• What needs to be done:
Once you reach the line holding "this 1920×1440 image.", write out that line and every later one exactly, ending with the last line of the data; write nothing else.

• Data in this exercise:
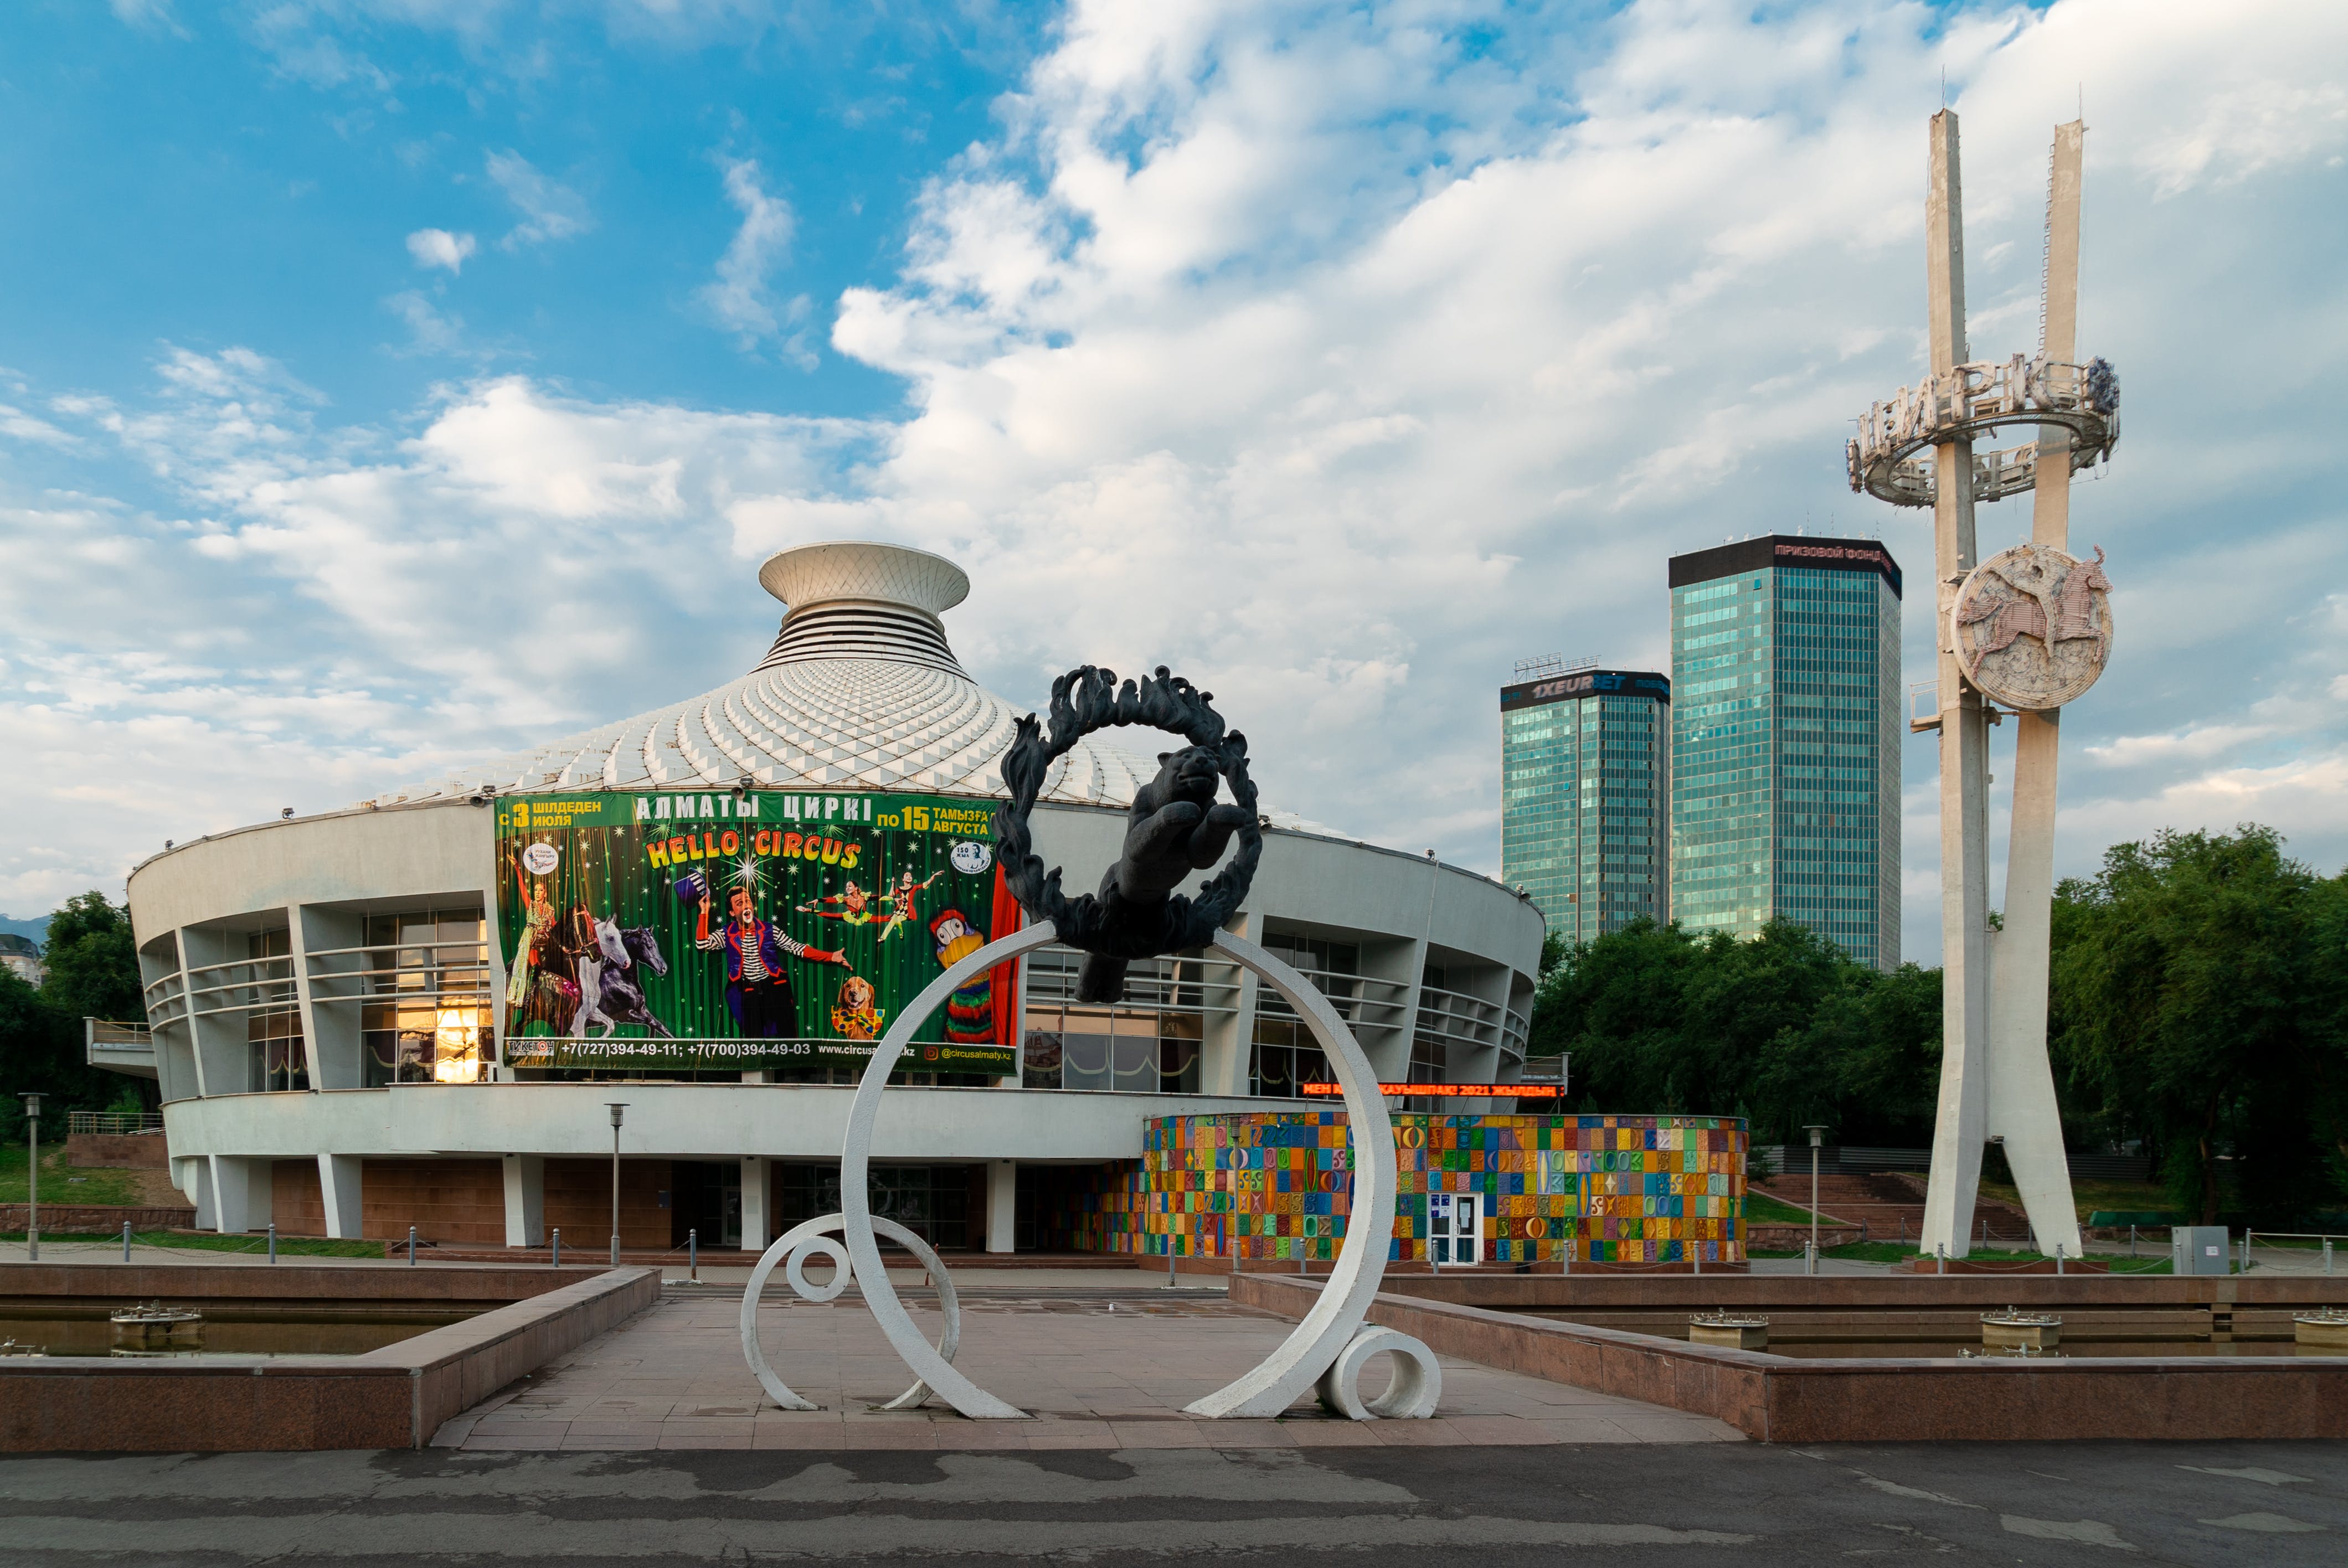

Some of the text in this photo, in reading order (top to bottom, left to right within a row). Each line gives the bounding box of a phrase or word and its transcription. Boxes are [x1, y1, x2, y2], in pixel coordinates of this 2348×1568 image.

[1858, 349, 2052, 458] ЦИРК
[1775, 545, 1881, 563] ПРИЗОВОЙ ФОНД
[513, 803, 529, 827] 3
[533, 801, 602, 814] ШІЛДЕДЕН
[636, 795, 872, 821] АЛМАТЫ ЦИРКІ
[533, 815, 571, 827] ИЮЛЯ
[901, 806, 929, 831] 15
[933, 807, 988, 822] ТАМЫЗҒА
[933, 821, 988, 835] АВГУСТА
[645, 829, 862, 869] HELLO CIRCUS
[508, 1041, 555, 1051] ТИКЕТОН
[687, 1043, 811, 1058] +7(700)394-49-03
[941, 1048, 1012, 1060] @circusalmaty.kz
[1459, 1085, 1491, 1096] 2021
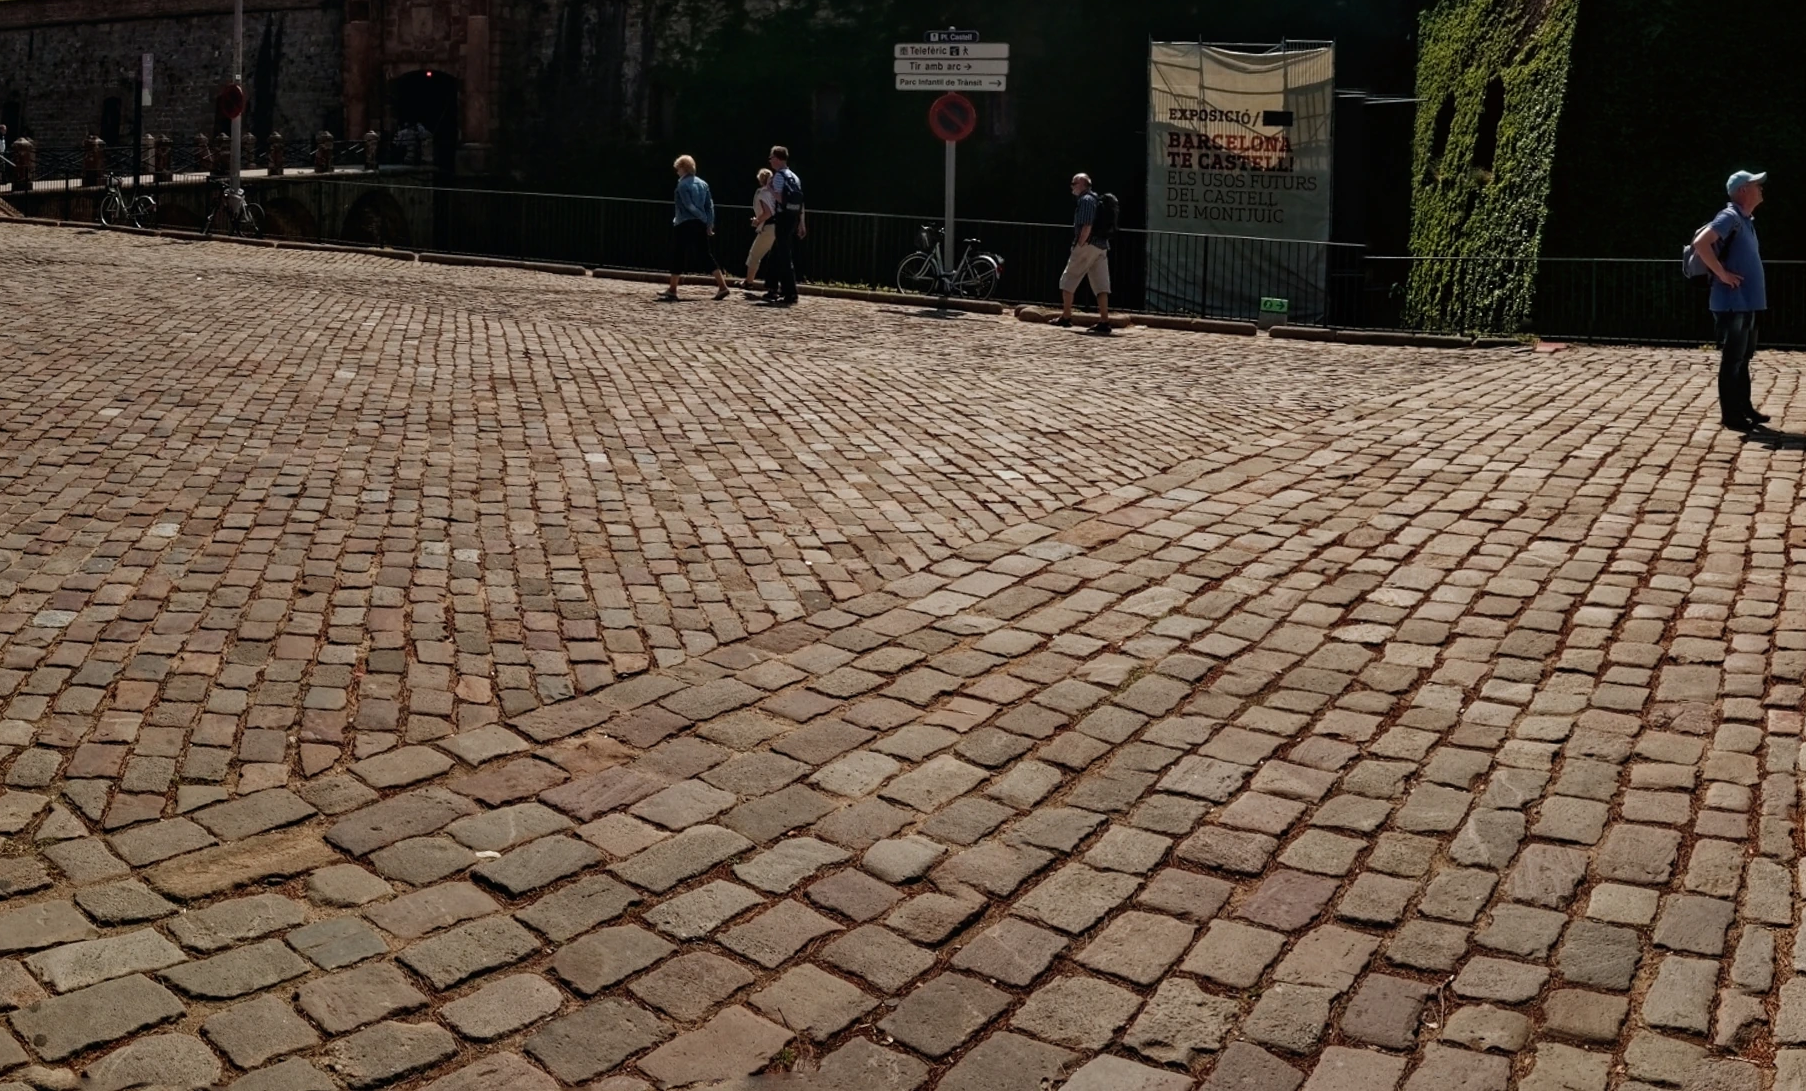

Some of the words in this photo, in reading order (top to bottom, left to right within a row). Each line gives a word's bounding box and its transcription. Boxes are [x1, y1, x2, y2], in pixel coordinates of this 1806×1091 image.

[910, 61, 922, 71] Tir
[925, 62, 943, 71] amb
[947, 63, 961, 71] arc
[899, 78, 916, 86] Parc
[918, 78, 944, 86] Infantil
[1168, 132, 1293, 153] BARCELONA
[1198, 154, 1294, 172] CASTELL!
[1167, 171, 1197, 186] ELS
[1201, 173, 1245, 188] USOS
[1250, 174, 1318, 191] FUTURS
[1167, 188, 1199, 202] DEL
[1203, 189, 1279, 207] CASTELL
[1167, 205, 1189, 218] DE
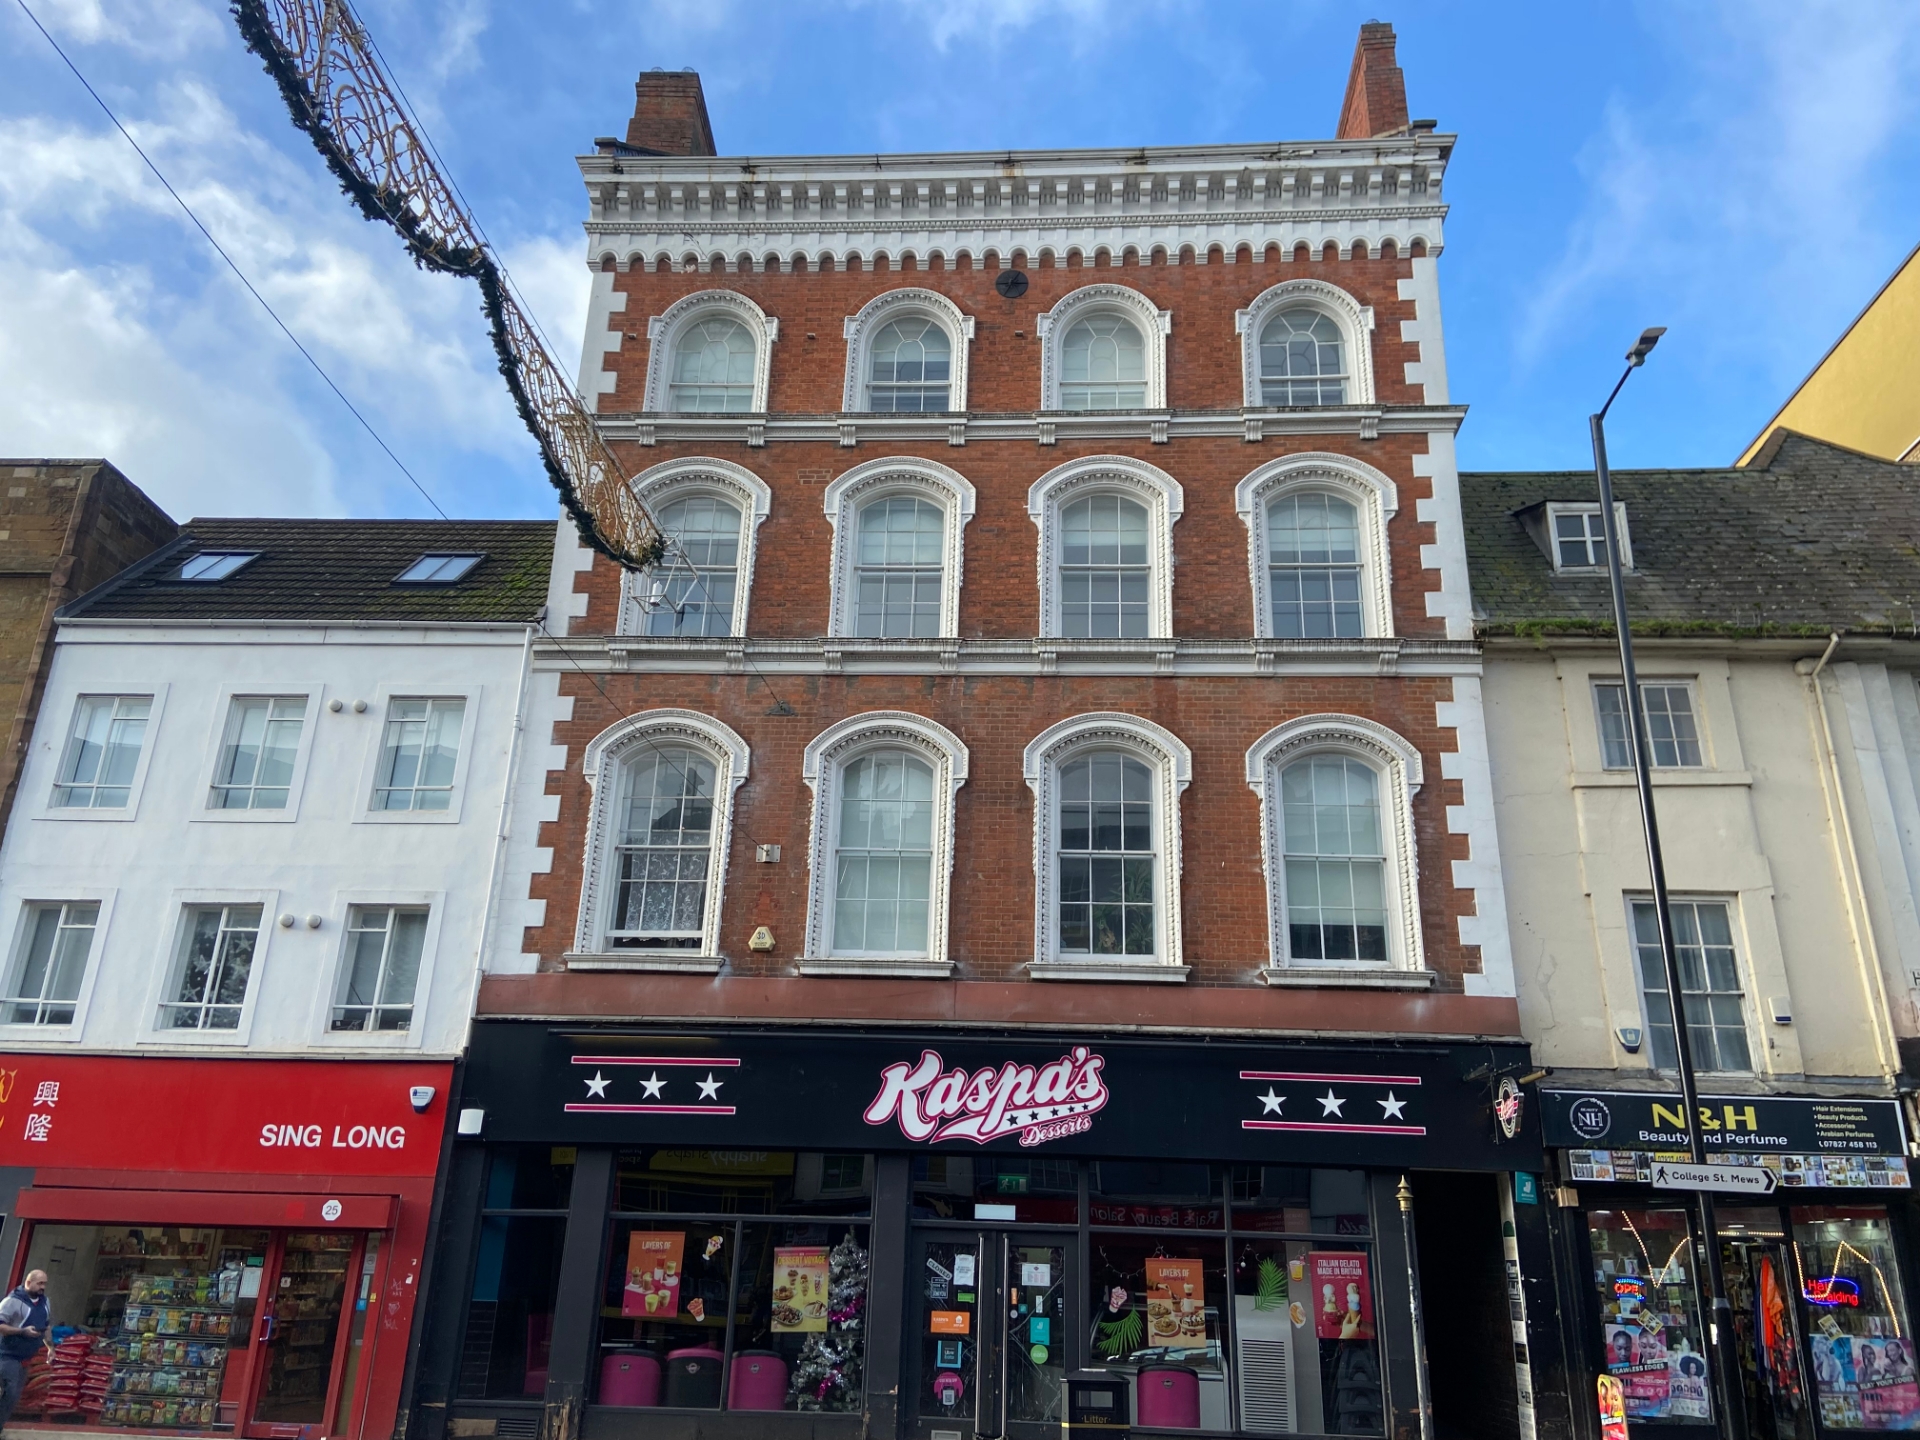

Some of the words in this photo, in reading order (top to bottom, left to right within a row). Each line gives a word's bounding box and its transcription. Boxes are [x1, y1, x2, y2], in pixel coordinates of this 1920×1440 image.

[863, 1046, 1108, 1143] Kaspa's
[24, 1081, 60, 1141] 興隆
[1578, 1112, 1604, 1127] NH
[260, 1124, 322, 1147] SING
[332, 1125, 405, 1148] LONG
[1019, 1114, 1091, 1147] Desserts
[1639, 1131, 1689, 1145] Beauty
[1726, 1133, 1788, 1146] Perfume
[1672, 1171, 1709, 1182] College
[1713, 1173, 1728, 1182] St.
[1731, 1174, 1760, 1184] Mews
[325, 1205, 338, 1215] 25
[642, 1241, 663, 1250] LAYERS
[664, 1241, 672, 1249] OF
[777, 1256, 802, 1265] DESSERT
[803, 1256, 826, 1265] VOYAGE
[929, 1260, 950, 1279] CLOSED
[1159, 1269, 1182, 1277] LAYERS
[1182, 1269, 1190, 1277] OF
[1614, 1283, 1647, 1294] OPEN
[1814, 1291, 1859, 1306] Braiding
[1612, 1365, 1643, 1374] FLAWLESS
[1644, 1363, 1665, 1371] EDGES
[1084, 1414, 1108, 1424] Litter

• Answer to this task:
Some of the words in this photo, in reading order (top to bottom, left to right within a row). Each line gives a word's bounding box and its transcription. Boxes are [x1, y1, x2, y2], in pixel coordinates of this 1920×1440 image.

[863, 1046, 1108, 1143] Kaspa's
[24, 1081, 60, 1141] 興隆
[1578, 1112, 1604, 1127] NH
[260, 1124, 322, 1147] SING
[332, 1125, 405, 1148] LONG
[1019, 1114, 1091, 1147] Desserts
[1639, 1131, 1689, 1145] Beauty
[1726, 1133, 1788, 1146] Perfume
[1672, 1171, 1709, 1182] College
[1713, 1173, 1728, 1182] St.
[1731, 1174, 1760, 1184] Mews
[325, 1205, 338, 1215] 25
[642, 1241, 663, 1250] LAYERS
[664, 1241, 672, 1249] OF
[777, 1256, 802, 1265] DESSERT
[803, 1256, 826, 1265] VOYAGE
[929, 1260, 950, 1279] CLOSED
[1159, 1269, 1182, 1277] LAYERS
[1182, 1269, 1190, 1277] OF
[1614, 1283, 1647, 1294] OPEN
[1814, 1291, 1859, 1306] Braiding
[1612, 1365, 1643, 1374] FLAWLESS
[1644, 1363, 1665, 1371] EDGES
[1084, 1414, 1108, 1424] Litter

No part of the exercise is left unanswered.